■ What the task requires ■
All records below must be written out exactly, with the pictures excluded.

___ Given records ___

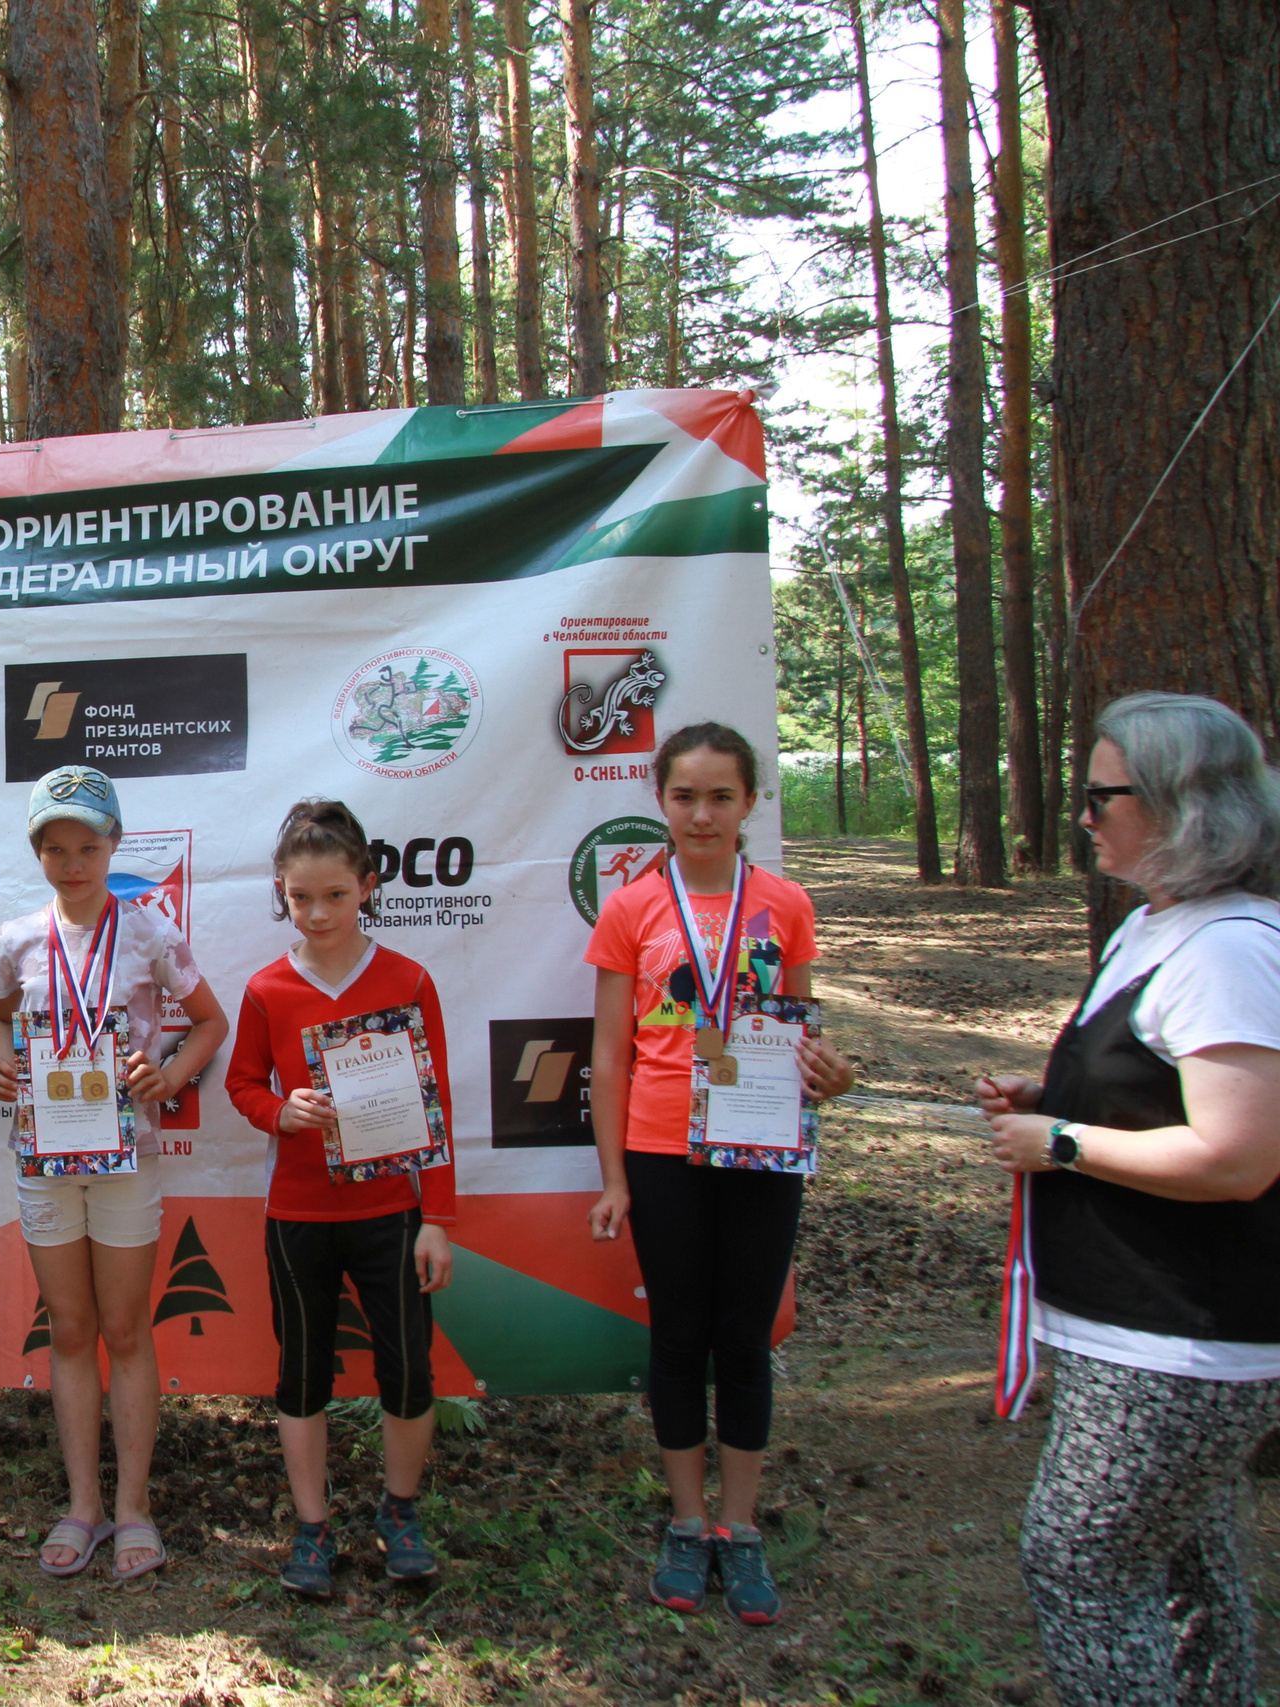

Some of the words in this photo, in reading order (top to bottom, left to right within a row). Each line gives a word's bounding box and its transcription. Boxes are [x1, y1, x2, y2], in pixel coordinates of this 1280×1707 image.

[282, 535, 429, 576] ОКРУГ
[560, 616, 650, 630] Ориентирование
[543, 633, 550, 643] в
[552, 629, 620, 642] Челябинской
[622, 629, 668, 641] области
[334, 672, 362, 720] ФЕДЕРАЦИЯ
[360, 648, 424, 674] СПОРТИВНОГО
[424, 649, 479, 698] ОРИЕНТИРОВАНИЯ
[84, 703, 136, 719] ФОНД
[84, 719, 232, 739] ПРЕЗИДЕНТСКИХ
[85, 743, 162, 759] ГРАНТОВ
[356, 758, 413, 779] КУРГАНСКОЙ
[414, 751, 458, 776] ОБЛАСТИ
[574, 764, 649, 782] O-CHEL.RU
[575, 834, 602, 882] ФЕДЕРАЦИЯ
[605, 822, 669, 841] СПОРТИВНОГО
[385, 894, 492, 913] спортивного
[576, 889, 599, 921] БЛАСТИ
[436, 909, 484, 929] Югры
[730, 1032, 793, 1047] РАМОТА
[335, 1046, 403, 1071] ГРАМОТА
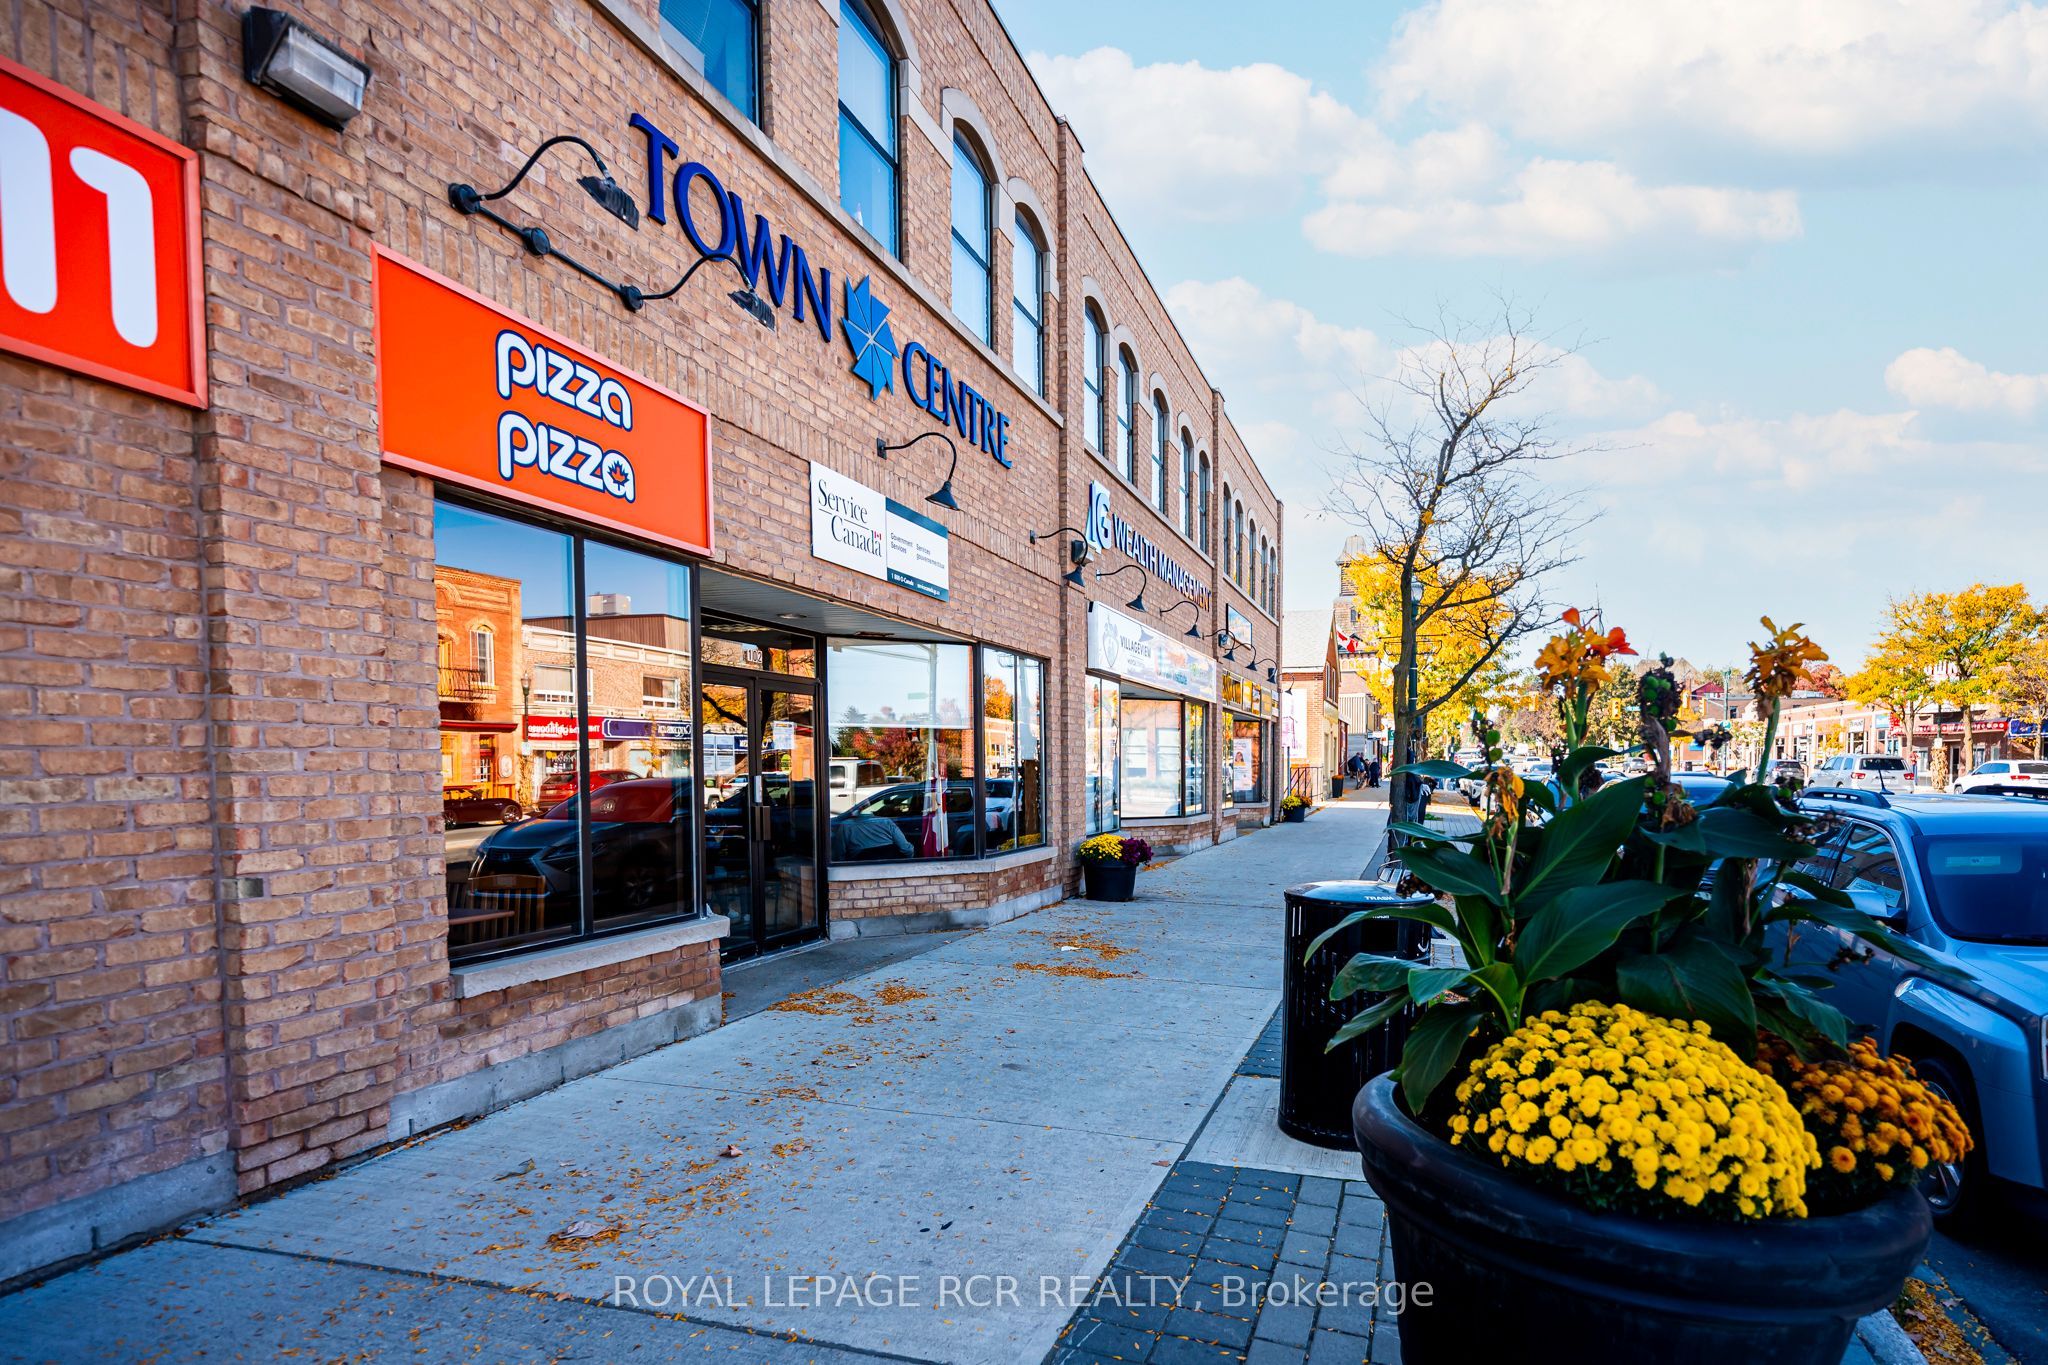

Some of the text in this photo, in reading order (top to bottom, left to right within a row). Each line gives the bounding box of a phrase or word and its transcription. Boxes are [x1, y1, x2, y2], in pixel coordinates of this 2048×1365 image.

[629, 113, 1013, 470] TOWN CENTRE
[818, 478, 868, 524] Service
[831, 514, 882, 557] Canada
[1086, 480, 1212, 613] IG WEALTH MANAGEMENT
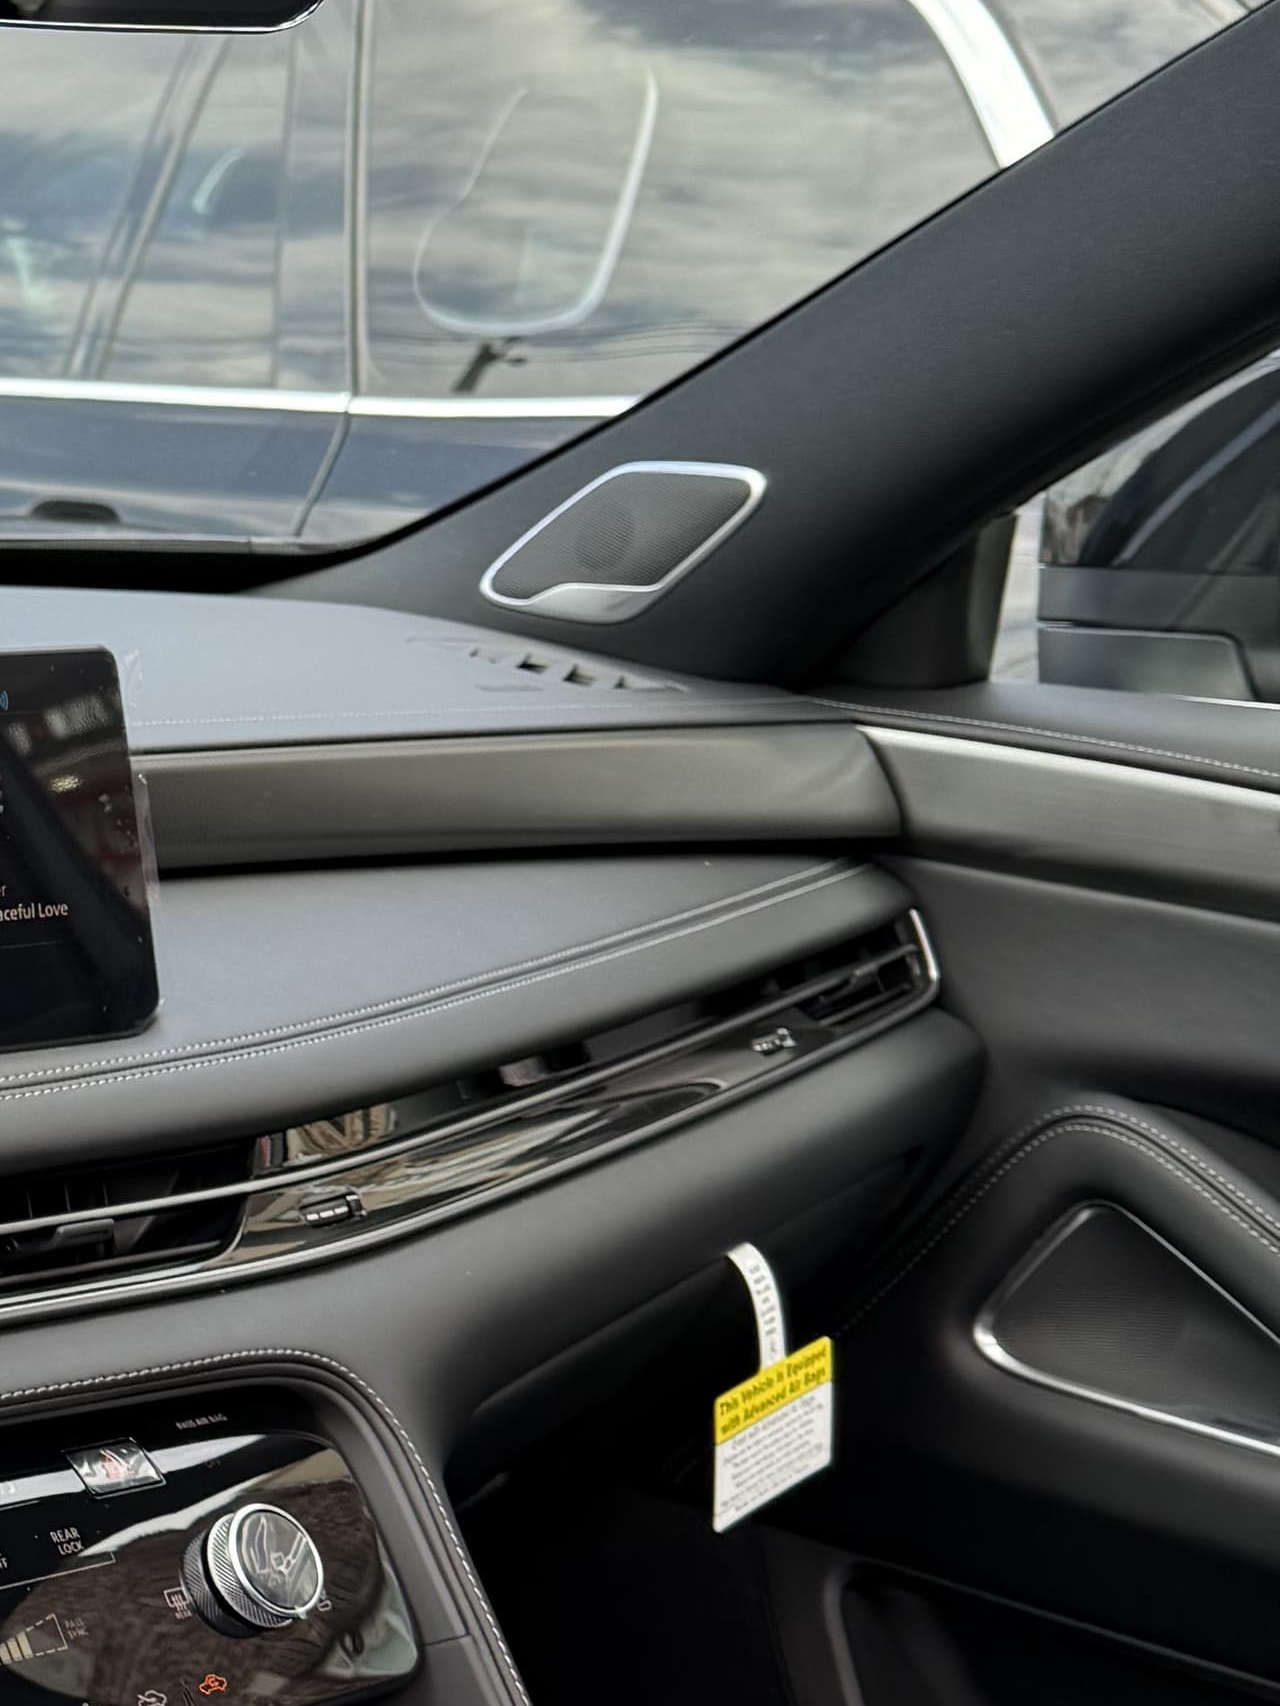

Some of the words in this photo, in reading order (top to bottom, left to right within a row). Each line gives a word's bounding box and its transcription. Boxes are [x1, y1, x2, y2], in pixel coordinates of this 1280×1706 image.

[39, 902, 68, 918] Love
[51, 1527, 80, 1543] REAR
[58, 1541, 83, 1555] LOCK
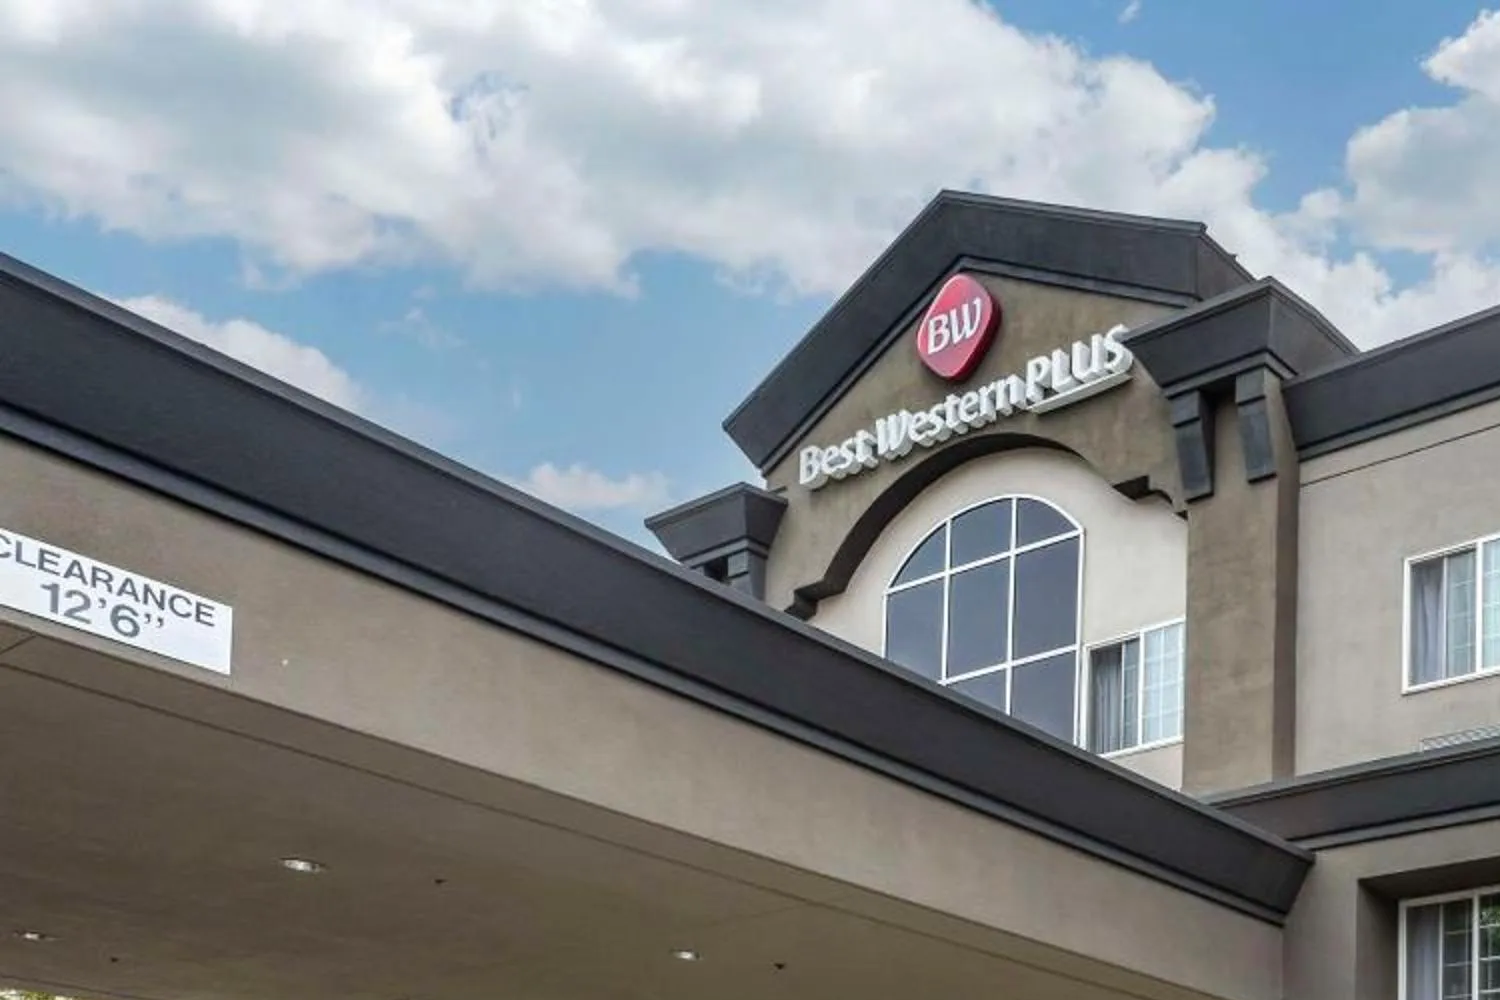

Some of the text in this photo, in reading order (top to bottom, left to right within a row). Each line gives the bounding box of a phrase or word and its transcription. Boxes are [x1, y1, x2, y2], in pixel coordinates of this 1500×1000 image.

___

■ Result of the task ■
Some of the words in this photo, in reading order (top to bottom, left to right within a row). Each line gives a word's bounding box and its transcription. Boxes are [x1, y1, x2, y2], in pixel coordinates of this 1280×1707 image.

[282, 535, 429, 576] ОКРУГ
[560, 616, 650, 630] Ориентирование
[543, 633, 550, 643] в
[552, 629, 620, 642] Челябинской
[622, 629, 668, 641] области
[334, 672, 362, 720] ФЕДЕРАЦИЯ
[360, 648, 424, 674] СПОРТИВНОГО
[424, 649, 479, 698] ОРИЕНТИРОВАНИЯ
[84, 703, 136, 719] ФОНД
[84, 719, 232, 739] ПРЕЗИДЕНТСКИХ
[85, 743, 162, 759] ГРАНТОВ
[356, 758, 413, 779] КУРГАНСКОЙ
[414, 751, 458, 776] ОБЛАСТИ
[574, 764, 649, 782] O-CHEL.RU
[575, 834, 602, 882] ФЕДЕРАЦИЯ
[605, 822, 669, 841] СПОРТИВНОГО
[385, 894, 492, 913] спортивного
[576, 889, 599, 921] БЛАСТИ
[436, 909, 484, 929] Югры
[730, 1032, 793, 1047] РАМОТА
[335, 1046, 403, 1071] ГРАМОТА

Some of the text in this photo, in reading order (top to bottom, left to right within a row). Each line gives the bounding box of a phrase or word and its transcription. Boxes are [x1, y1, x2, y2], in pixel coordinates of this 2048×1365 image.

[629, 113, 1013, 470] TOWN CENTRE
[818, 478, 868, 524] Service
[831, 514, 882, 557] Canada
[1086, 480, 1212, 613] IG WEALTH MANAGEMENT

Some of the words in this photo, in reading order (top to bottom, left to right within a row). Each line gives a word's bounding box and its transcription. Boxes are [x1, y1, x2, y2], in pixel coordinates of this 1280×1706 image.

[39, 902, 68, 918] Love
[51, 1527, 80, 1543] REAR
[58, 1541, 83, 1555] LOCK

Some of the text in this photo, in reading order (top to bottom, left to right within a row). Each line gives the bounding box of a phrase or word and its transcription. Boxes are [x1, y1, x2, y2], in pixel coordinates of this 1500×1000 image.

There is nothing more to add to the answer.